While this practical numerical way of solving LP problems on measures is well-known and applicable, in our case, important numerical issues have been identified. Firstly, the dimension of the general problem is currently prohibitive for SDP solvers. Secondly, several examples show that numerical results in low dimension do not achieve a good accuracy.

In the second part of this talk, we focus on some ongoing works which explore different strategies to mitigate these issues. Firstly, we discuss the approximate (but efficient) computation of higher order moments of some "nice" positive measure (whose density wrt Lebesque measure is holonomic). To compute recurrences for such moments, we use multivariate holonomic functions and creative telescoping. Secondly, we attempt to approximately reconstruct the support of the initial collision-prone states in a two-objects long-term encounter, by extending a method of J.B. Lasserre and M. Putinar which makes clever use of Stokes theorem. Given a finite number of numerically computed moments for a measure with holonomic density, and assuming a real algebraic boundary for the support, we discuss a preliminary result on an algorithmic method for obtaining the coefficients of a polynomial vanishing on this boundary.

This is joint work with F. Bréhard, D. Gueho, J-B. Lasserre, A. Rondepierre and in collaboration with CNES.

Florent Bréhard, A computer-assisted proof for a new lower bound on H(4) in Hilbert's sixteenth problem

We provide a computer-assisted proof for a new lower bound on H(4) in the Hilbert 16th problem, that is the maximum number of limit cycles that can occur in a polynomial planar vector field of degree 4. Indeed, we exhibit a quartic vector field for which we rigorously prove the existence of at least 24 limit cycles. Hilbert's 16th problem is part of Hilbert's famous list of 23 problems presented in 1900 at the International Congress of Mathematicians in Paris. The second part of this problem asks whether there exists, for each natural integer n, a finite upper bound H(n) on the number of limit cycles a polynomial planar vector field of degree n can have. For now, a proof of this conjecture seems out of reach, even for n = 2. A simpler version of this problem restricts the investigation to perturbed Hamiltonian systems. The upper bound Z(n) for such systems of degree n was proved to be finite for all n. A key ingredient is the Poincaré-Pontryagin theorem that relates the number of limit cycles with the number of zeros of so-called Abelian integrals along the level curves of the potential function associated to the Hamiltonian system.

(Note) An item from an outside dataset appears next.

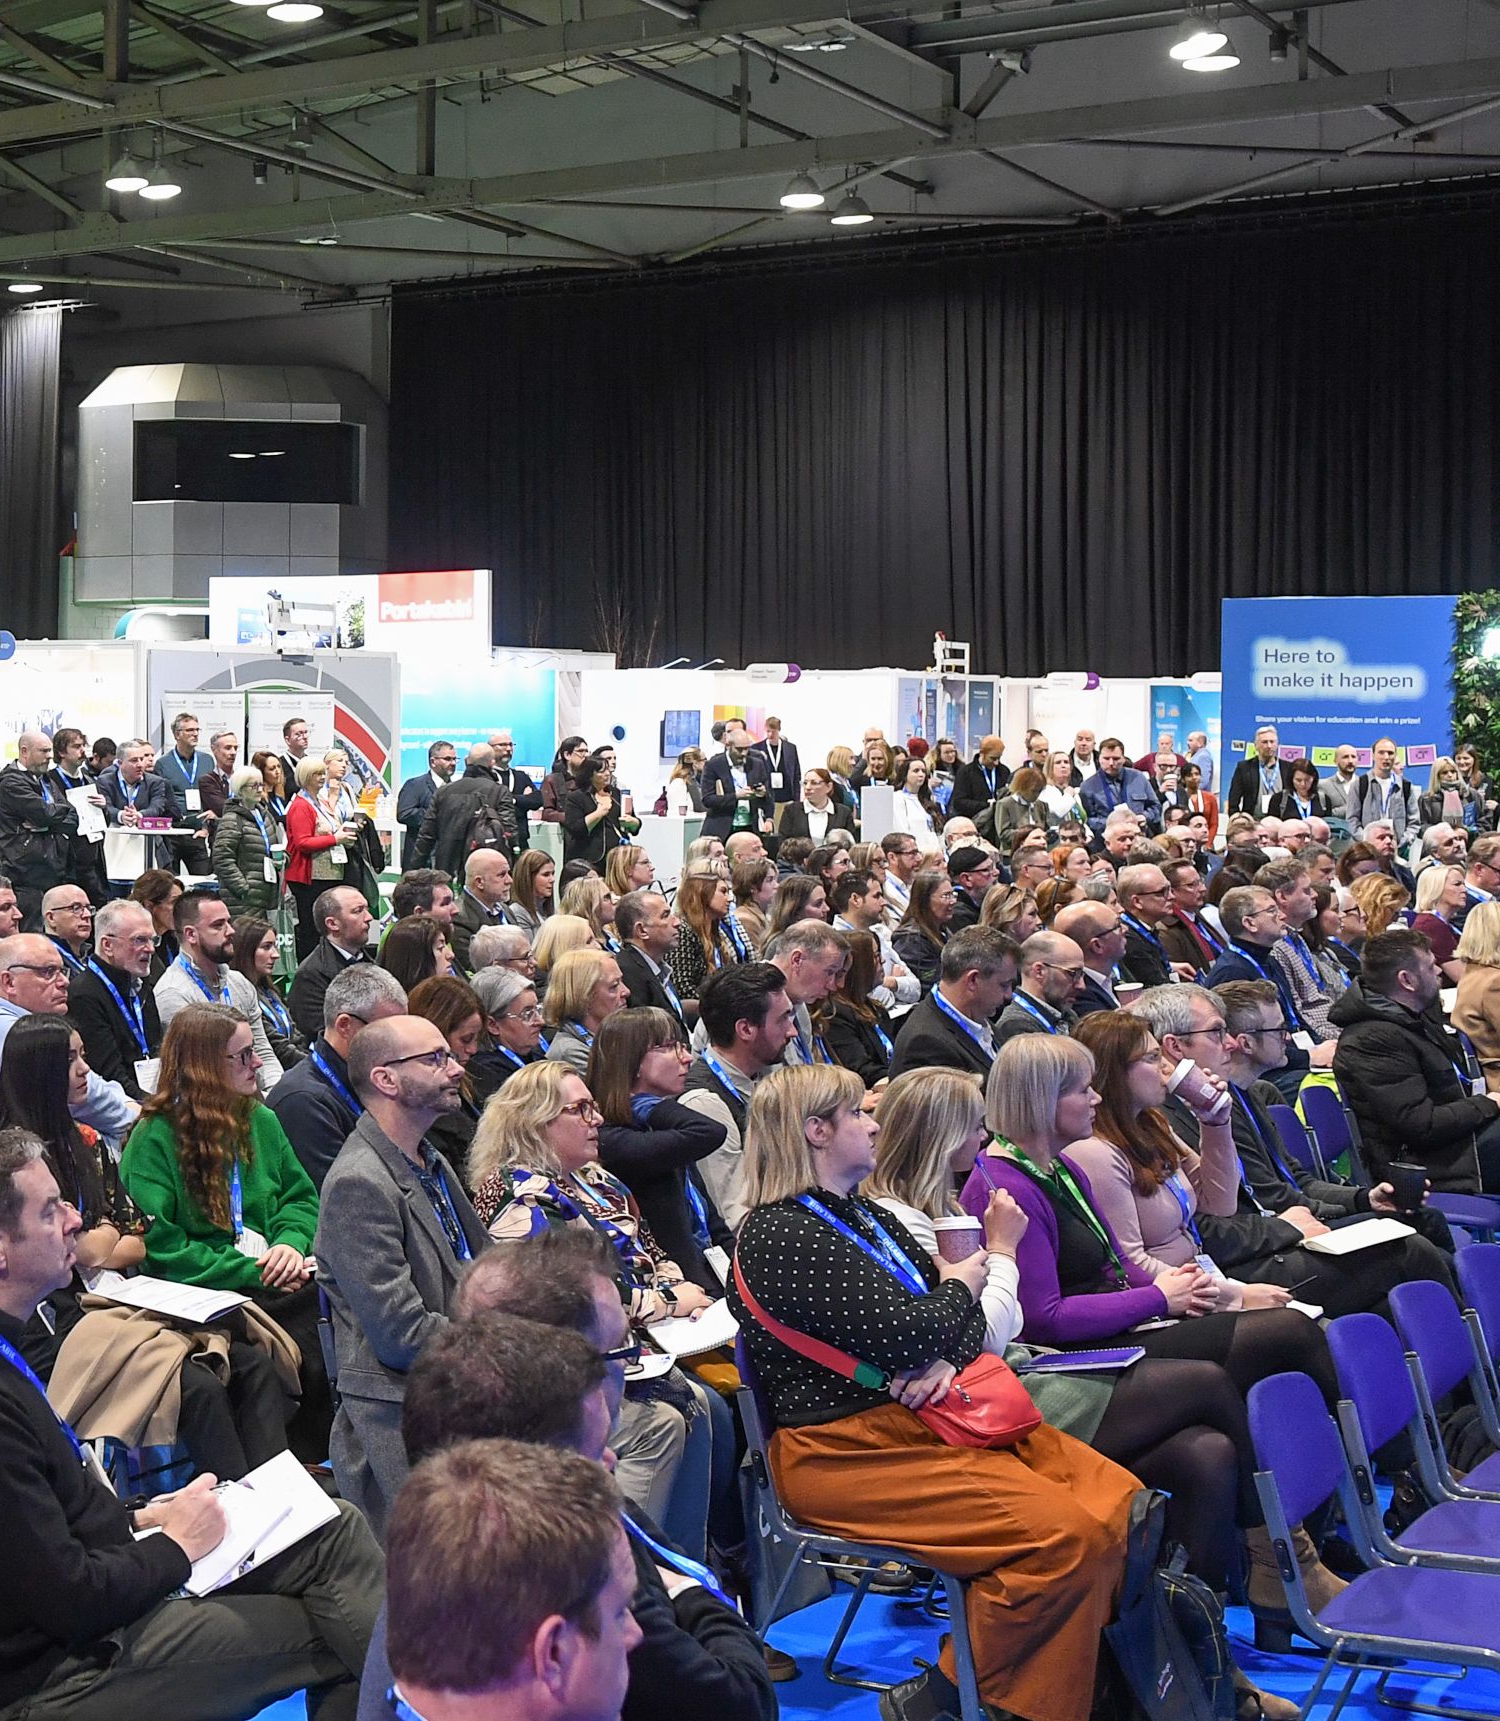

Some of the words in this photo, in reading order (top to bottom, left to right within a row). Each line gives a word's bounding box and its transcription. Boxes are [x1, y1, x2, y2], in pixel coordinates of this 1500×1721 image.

The quartic system we investigate is not Hamiltonian but still integrable, so that the Poincaré-Pontryagin theorem still applies. Our work consists in approximating the Abelian integral associated to each monomial of the perturbation (as function of the energy level of the potential function), adjusting the coefficients to maximize the number of zeros of the resulting linear combination, and finally computing rigorous enclosures of the integral at various points to certify the number of sign changes. For that purpose, we use Rigorous Polynomial Approximations [1,2,3] via our free C library available here [4], which allows us to perform rigorous and efficient evaluations of the Abelian integral.

A formalization of this result in Coq is in progress, in order to avoid possible implementation errors that may lead to a wrong result. This is a joint work with Nicolas Brisebarre and Warwick Tucker.